* _Collected data_:
—————

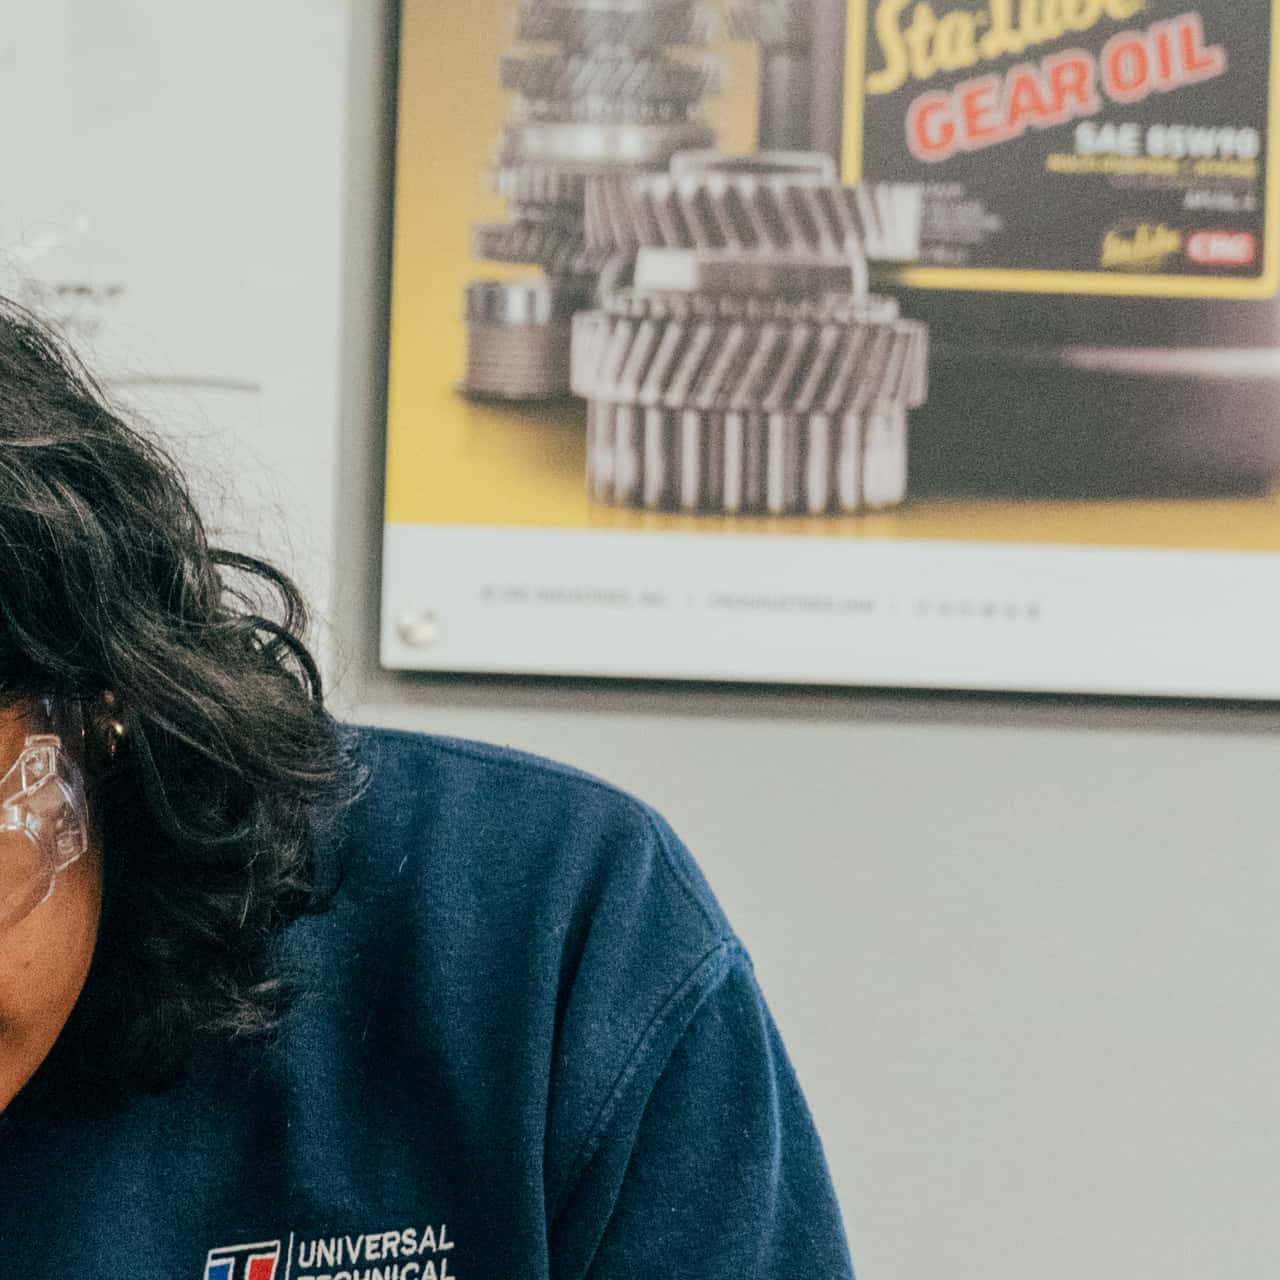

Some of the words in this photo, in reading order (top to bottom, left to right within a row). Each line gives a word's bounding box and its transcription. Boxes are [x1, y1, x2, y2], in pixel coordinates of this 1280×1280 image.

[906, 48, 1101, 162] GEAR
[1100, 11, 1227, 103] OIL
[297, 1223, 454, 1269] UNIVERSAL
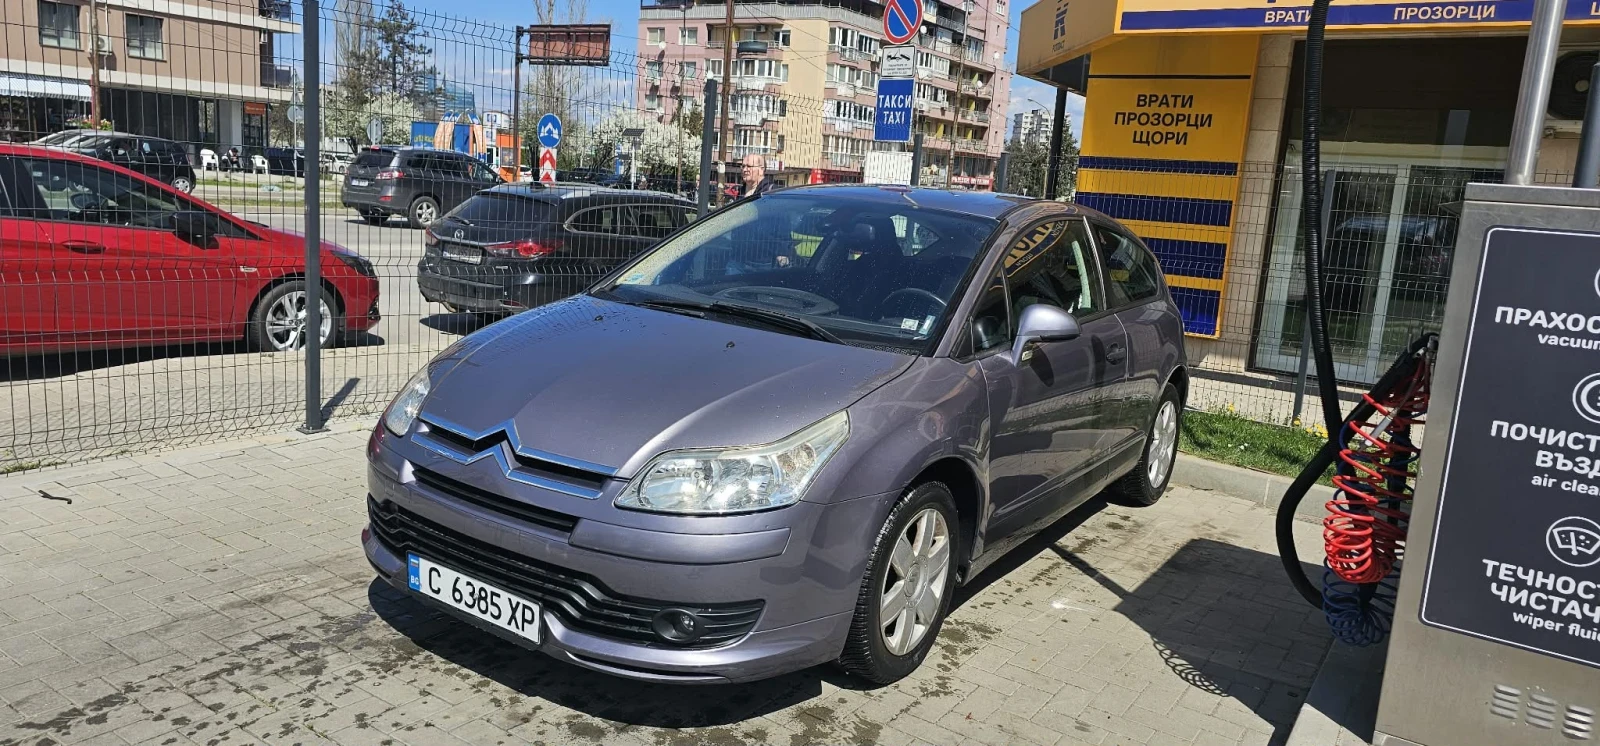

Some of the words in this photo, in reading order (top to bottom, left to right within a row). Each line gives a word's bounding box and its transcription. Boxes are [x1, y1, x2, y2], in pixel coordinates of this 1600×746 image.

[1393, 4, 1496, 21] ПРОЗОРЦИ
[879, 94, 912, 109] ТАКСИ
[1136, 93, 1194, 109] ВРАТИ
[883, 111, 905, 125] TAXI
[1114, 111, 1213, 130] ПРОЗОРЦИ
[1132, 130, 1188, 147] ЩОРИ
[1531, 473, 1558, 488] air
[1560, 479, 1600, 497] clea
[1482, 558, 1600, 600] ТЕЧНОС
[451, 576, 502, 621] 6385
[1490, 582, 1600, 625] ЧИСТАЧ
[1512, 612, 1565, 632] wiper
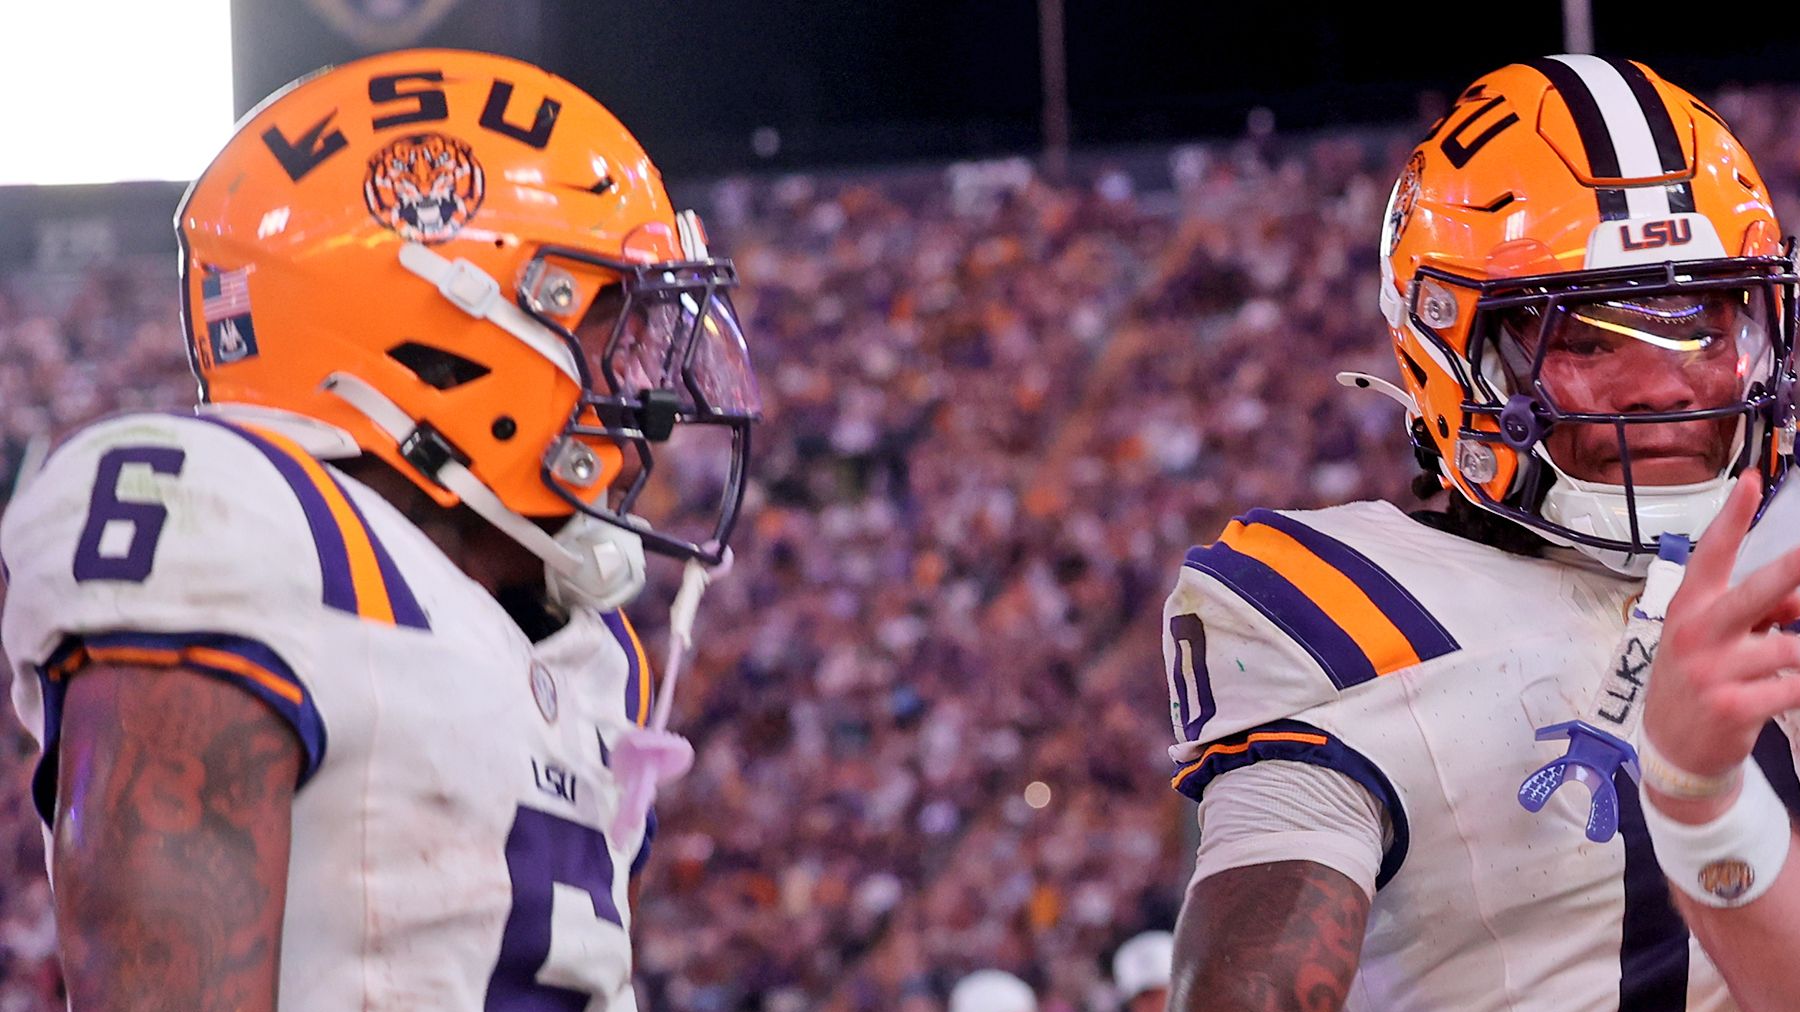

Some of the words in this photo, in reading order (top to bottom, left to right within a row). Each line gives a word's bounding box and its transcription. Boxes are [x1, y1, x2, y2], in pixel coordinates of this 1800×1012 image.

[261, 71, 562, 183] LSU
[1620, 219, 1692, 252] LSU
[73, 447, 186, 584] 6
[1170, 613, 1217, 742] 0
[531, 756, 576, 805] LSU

—————

* _Task objective_:
Every line of the data above should be repeated exactly. Omit the pictures.

* _Exercise response_:
Some of the words in this photo, in reading order (top to bottom, left to right within a row). Each line gives a word's bounding box and its transcription. Boxes are [x1, y1, x2, y2], in pixel coordinates of this 1280×1280 image.

[906, 48, 1101, 162] GEAR
[1100, 11, 1227, 103] OIL
[297, 1223, 454, 1269] UNIVERSAL

Some of the words in this photo, in reading order (top to bottom, left to right within a row). Each line gives a word's bounding box and its transcription. Boxes are [x1, y1, x2, y2], in pixel coordinates of this 1600×746 image.

[1393, 4, 1496, 21] ПРОЗОРЦИ
[879, 94, 912, 109] ТАКСИ
[1136, 93, 1194, 109] ВРАТИ
[883, 111, 905, 125] TAXI
[1114, 111, 1213, 130] ПРОЗОРЦИ
[1132, 130, 1188, 147] ЩОРИ
[1531, 473, 1558, 488] air
[1560, 479, 1600, 497] clea
[1482, 558, 1600, 600] ТЕЧНОС
[451, 576, 502, 621] 6385
[1490, 582, 1600, 625] ЧИСТАЧ
[1512, 612, 1565, 632] wiper

Some of the words in this photo, in reading order (top to bottom, left to right within a row). Each line gives a word's bounding box and its transcription. Boxes are [x1, y1, x2, y2], in pixel coordinates of this 1800×1012 image.

[261, 71, 562, 183] LSU
[1620, 219, 1692, 252] LSU
[73, 447, 186, 584] 6
[1170, 613, 1217, 742] 0
[531, 756, 576, 805] LSU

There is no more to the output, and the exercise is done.